What you have to do: Transcribe the data as written, minus images.

Material shown Block Start

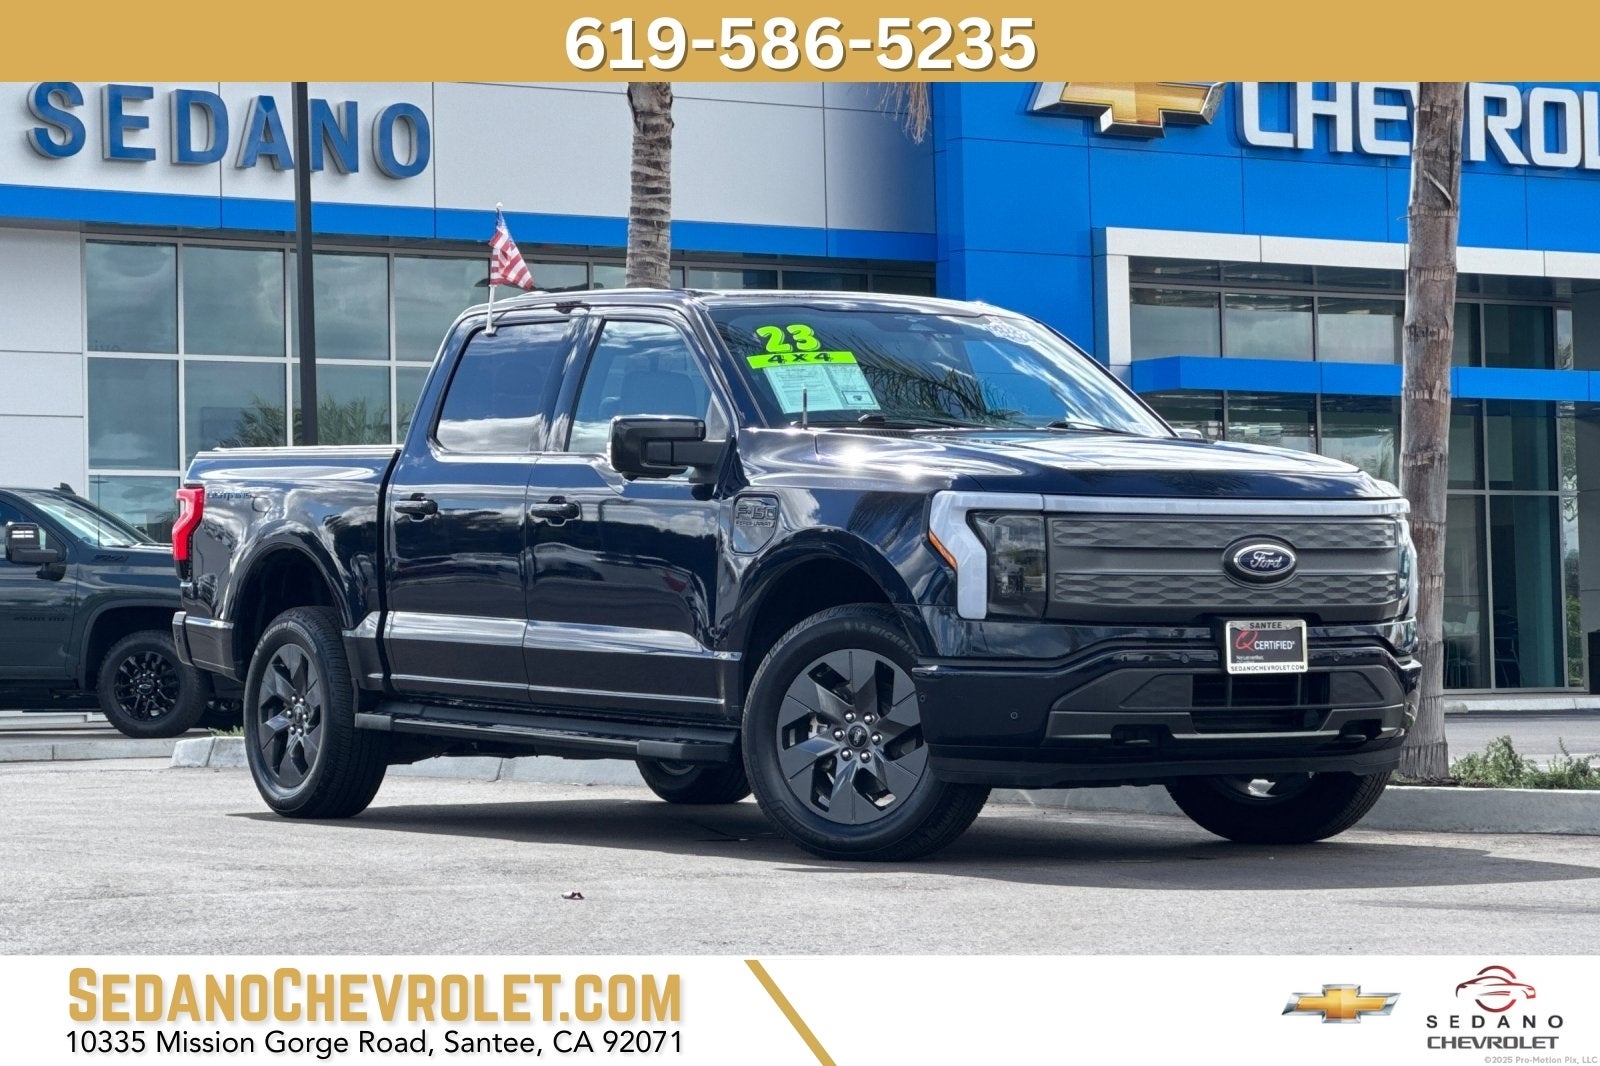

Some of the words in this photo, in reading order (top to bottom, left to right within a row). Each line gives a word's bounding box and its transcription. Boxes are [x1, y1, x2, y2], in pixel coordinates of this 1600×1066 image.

[27, 82, 431, 180] SEDANO
[755, 324, 821, 353] 23
[1250, 551, 1282, 568] Ford
[1230, 664, 1305, 672] SEDANOCHEVROLET.COM
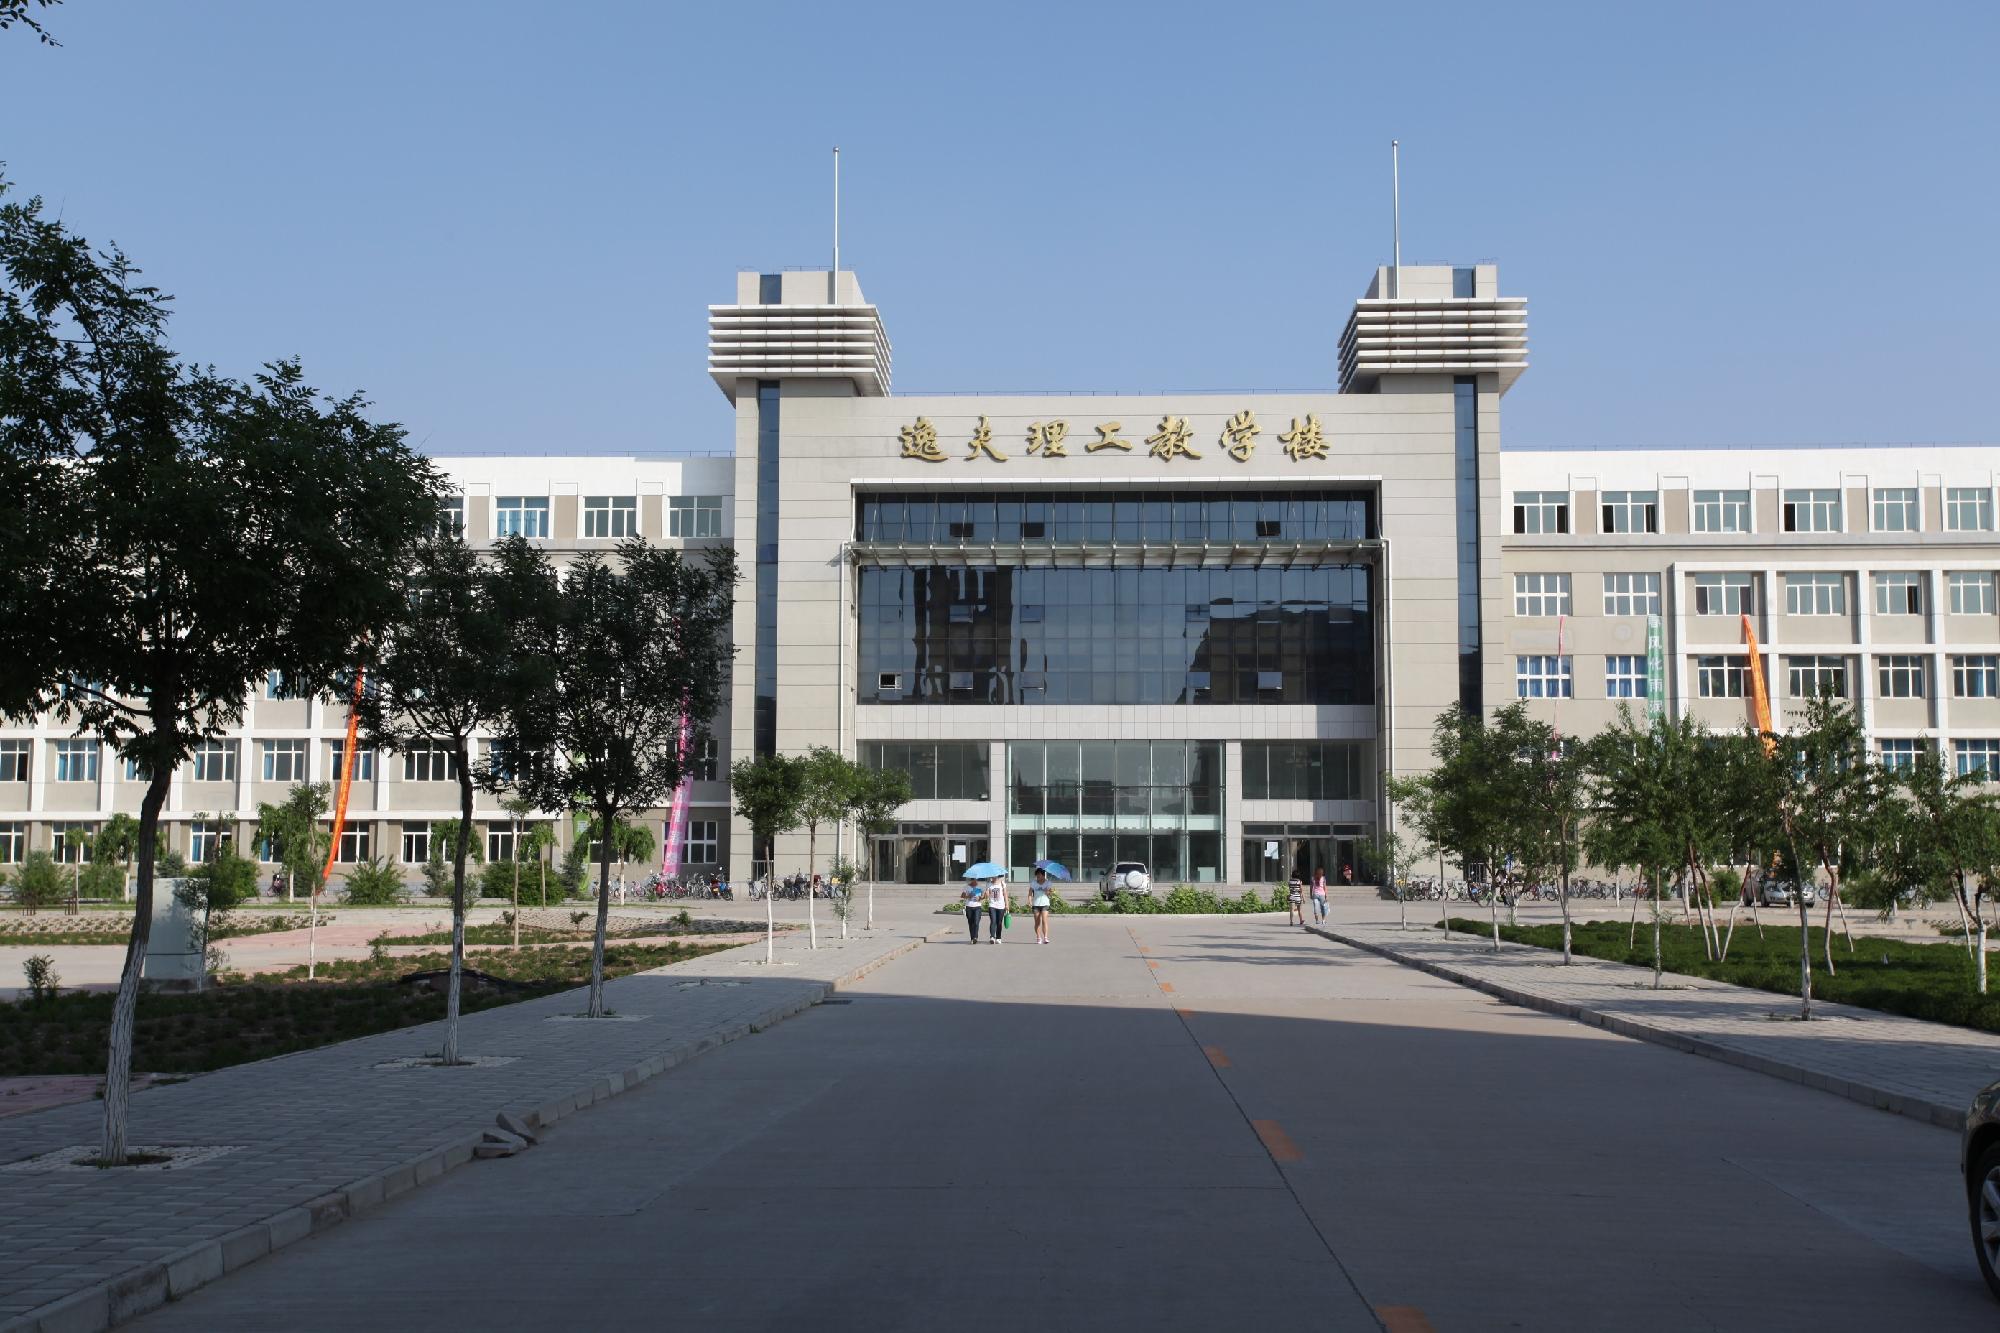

Material shown Block End

Worked solution:
Some of the words in this photo, in reading order (top to bottom, left to right within a row). Each line gives a word's bounding box and its transcription. Boxes are [x1, y1, x2, y2], in pixel coordinates of this 1600×1066 image.

[27, 82, 431, 180] SEDANO
[755, 324, 821, 353] 23
[1250, 551, 1282, 568] Ford
[1230, 664, 1305, 672] SEDANOCHEVROLET.COM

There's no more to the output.